When you're cycling, it's just as important to be looking down as it is to be looking around at all the sights. In fact, you could probably say it's even more important, as my recent ride into a gigantic hole (and subsequent crash) made plainly evident.


Usually, when you're looking down at the trail as you're riding, you're mostly seeing gravel or roots or loose sticks or mud puddles or dog poop. But when you're riding in the Czech Republic after a recent rain, you also see snails in great abundance.


These aren't your garden-variety snails I'm talking about. These snails I see out on the trail are usually the size of squash balls. And when it rains, hundreds of them somehow collectively decide to hold a mass crawl across Prague's cycling trails and paths.


So plentiful are they that the Czech Republic has recently been exporting its snails to France, because the local French snails have been consumed into extinction.

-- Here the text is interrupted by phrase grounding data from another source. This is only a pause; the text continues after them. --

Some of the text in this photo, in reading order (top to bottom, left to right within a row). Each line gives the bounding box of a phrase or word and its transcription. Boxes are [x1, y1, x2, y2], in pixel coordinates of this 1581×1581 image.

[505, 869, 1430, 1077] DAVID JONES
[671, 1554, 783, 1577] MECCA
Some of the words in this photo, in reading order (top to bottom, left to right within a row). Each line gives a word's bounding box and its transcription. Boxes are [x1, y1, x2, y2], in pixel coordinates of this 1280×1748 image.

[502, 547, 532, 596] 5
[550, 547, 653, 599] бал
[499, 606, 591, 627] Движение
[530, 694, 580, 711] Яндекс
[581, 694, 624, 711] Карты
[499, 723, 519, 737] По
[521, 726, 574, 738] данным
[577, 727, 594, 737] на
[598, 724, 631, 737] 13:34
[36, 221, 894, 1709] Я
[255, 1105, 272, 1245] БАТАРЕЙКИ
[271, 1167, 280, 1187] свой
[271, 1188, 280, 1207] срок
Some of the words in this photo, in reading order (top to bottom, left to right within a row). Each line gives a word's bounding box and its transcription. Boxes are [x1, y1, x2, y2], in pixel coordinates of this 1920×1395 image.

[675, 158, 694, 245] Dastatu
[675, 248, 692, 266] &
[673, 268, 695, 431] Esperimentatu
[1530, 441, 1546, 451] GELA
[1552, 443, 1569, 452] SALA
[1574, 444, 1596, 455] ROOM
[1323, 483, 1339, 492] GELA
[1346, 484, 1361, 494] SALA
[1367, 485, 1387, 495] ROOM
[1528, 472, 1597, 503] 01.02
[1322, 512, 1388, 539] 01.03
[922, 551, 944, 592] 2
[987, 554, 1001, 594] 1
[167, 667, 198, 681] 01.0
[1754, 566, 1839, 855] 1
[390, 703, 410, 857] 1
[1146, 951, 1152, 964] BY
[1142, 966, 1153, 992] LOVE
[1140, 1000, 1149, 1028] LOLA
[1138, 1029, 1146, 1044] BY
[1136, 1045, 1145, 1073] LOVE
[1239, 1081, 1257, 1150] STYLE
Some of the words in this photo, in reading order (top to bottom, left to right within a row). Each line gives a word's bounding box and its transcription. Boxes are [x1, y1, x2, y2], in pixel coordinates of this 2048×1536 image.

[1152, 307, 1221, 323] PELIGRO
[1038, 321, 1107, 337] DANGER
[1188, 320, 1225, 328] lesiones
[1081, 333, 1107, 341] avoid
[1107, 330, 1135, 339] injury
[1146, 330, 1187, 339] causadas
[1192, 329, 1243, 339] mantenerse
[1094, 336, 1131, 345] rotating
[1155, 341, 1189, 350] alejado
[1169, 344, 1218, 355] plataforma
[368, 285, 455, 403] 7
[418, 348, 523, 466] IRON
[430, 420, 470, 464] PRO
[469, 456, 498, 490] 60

You'll occasionally even see escargot on Prague menus.


Call me crazy, but sometimes I'll actually stop and pick these little guys up and place them in the grass next to the trail. They're too cute not to rescue. This can get ridiculous sometimes, but I do my best.



Cory tries her best to ignore the threatening clouds.

The snails were out in force on June 3 -- a cloudy, muddy, dark, and dreary Sunday. I went out to Okoř with Cory Bemis, the wife of Dale Bemis, whom I rode with last week. He's a childhood friend of Daisy's. They're living in Hardwick, England, at the moment, and have their own blog, called Adventures In England.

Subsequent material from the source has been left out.